(Dataset records begins)

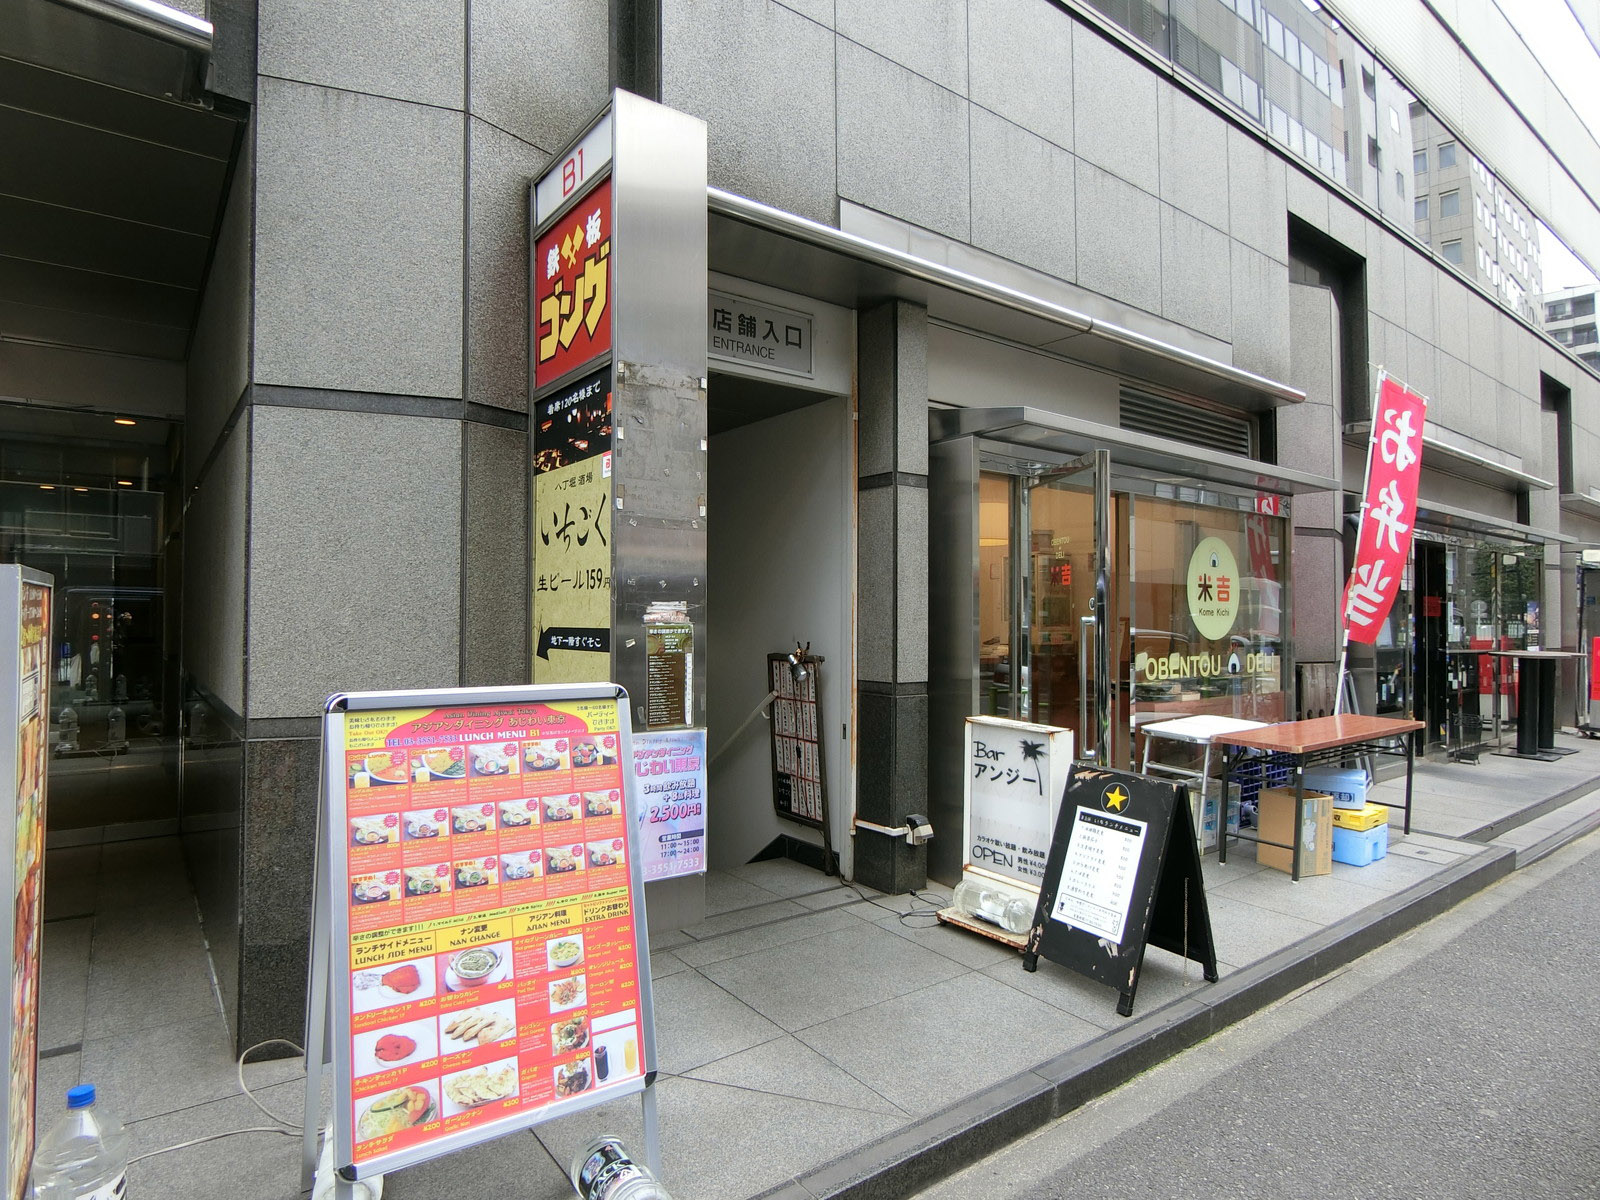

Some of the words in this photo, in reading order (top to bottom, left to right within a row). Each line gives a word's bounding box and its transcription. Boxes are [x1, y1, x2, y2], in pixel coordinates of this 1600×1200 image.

[562, 147, 584, 198] B1
[538, 239, 611, 363] ゴング
[712, 308, 802, 349] 店舗入口
[713, 335, 775, 361] ENTRANCE
[546, 379, 602, 417] 着席120名様まで
[554, 474, 577, 492] 八丁堀
[578, 472, 593, 487] 酒場
[1345, 408, 1417, 627] お弁当
[536, 568, 611, 593] 生ビール159円
[1197, 573, 1231, 603] 米吉
[1198, 608, 1215, 617] Kome
[1216, 608, 1230, 617] Kichi
[550, 634, 602, 649] 地下一階すぐそこ
[1145, 654, 1221, 681] OBENTOU
[1246, 652, 1275, 674] DELI
[443, 711, 465, 719] Asian
[466, 710, 491, 718] Dining
[517, 707, 538, 715] Tokyo
[411, 716, 504, 734] アジアンダイニング
[509, 715, 566, 727] あじわい東京
[387, 738, 403, 748] TEL
[458, 731, 495, 743] LUNCH
[497, 729, 527, 740] MENU
[529, 729, 541, 738] B1
[349, 754, 367, 762] Quick
[367, 752, 388, 760] Lunch
[429, 748, 448, 756] Lunch
[973, 741, 1005, 763] Bar
[635, 757, 701, 778] じわい東京
[974, 762, 1037, 786] アンジー
[643, 778, 697, 795] 3時間飲み放題
[661, 833, 682, 843] 営業時間
[972, 844, 1013, 868] OPEN
[1017, 856, 1029, 866] 男性
[1017, 865, 1028, 874] 女性
[526, 922, 548, 933] ASIAN
[550, 917, 571, 928] MENU
[529, 909, 567, 923] アジアン料理
[584, 912, 606, 924] EXTRA
[607, 909, 629, 920] DRINK
[460, 923, 488, 936] ナン変更
[355, 936, 432, 956] ランチサイドメニュー
[449, 937, 468, 948] NAN
[469, 931, 501, 945] CHANGE
[354, 953, 385, 966] LUNCH
[386, 950, 406, 960] SIDE
[408, 946, 433, 958] MENU
[590, 1000, 610, 1008] コーヒー
[354, 1083, 378, 1094] Chicken
[355, 1135, 394, 1152] ランチサラダ
[355, 1148, 373, 1159] Lunch

(Dataset records ends)

▸ To do
Verbatim copy, images excluded: transcribe all the entries above.

▸ Task result
Some of the words in this photo, in reading order (top to bottom, left to right within a row). Each line gives a word's bounding box and its transcription. Boxes are [x1, y1, x2, y2], in pixel coordinates of this 1600×1200 image.

[562, 147, 584, 198] B1
[538, 239, 611, 363] ゴング
[712, 308, 802, 349] 店舗入口
[713, 335, 775, 361] ENTRANCE
[546, 379, 602, 417] 着席120名様まで
[554, 474, 577, 492] 八丁堀
[578, 472, 593, 487] 酒場
[1345, 408, 1417, 627] お弁当
[536, 568, 611, 593] 生ビール159円
[1197, 573, 1231, 603] 米吉
[1198, 608, 1215, 617] Kome
[1216, 608, 1230, 617] Kichi
[550, 634, 602, 649] 地下一階すぐそこ
[1145, 654, 1221, 681] OBENTOU
[1246, 652, 1275, 674] DELI
[443, 711, 465, 719] Asian
[466, 710, 491, 718] Dining
[517, 707, 538, 715] Tokyo
[411, 716, 504, 734] アジアンダイニング
[509, 715, 566, 727] あじわい東京
[387, 738, 403, 748] TEL
[458, 731, 495, 743] LUNCH
[497, 729, 527, 740] MENU
[529, 729, 541, 738] B1
[349, 754, 367, 762] Quick
[367, 752, 388, 760] Lunch
[429, 748, 448, 756] Lunch
[973, 741, 1005, 763] Bar
[635, 757, 701, 778] じわい東京
[974, 762, 1037, 786] アンジー
[643, 778, 697, 795] 3時間飲み放題
[661, 833, 682, 843] 営業時間
[972, 844, 1013, 868] OPEN
[1017, 856, 1029, 866] 男性
[1017, 865, 1028, 874] 女性
[526, 922, 548, 933] ASIAN
[550, 917, 571, 928] MENU
[529, 909, 567, 923] アジアン料理
[584, 912, 606, 924] EXTRA
[607, 909, 629, 920] DRINK
[460, 923, 488, 936] ナン変更
[355, 936, 432, 956] ランチサイドメニュー
[449, 937, 468, 948] NAN
[469, 931, 501, 945] CHANGE
[354, 953, 385, 966] LUNCH
[386, 950, 406, 960] SIDE
[408, 946, 433, 958] MENU
[590, 1000, 610, 1008] コーヒー
[354, 1083, 378, 1094] Chicken
[355, 1135, 394, 1152] ランチサラダ
[355, 1148, 373, 1159] Lunch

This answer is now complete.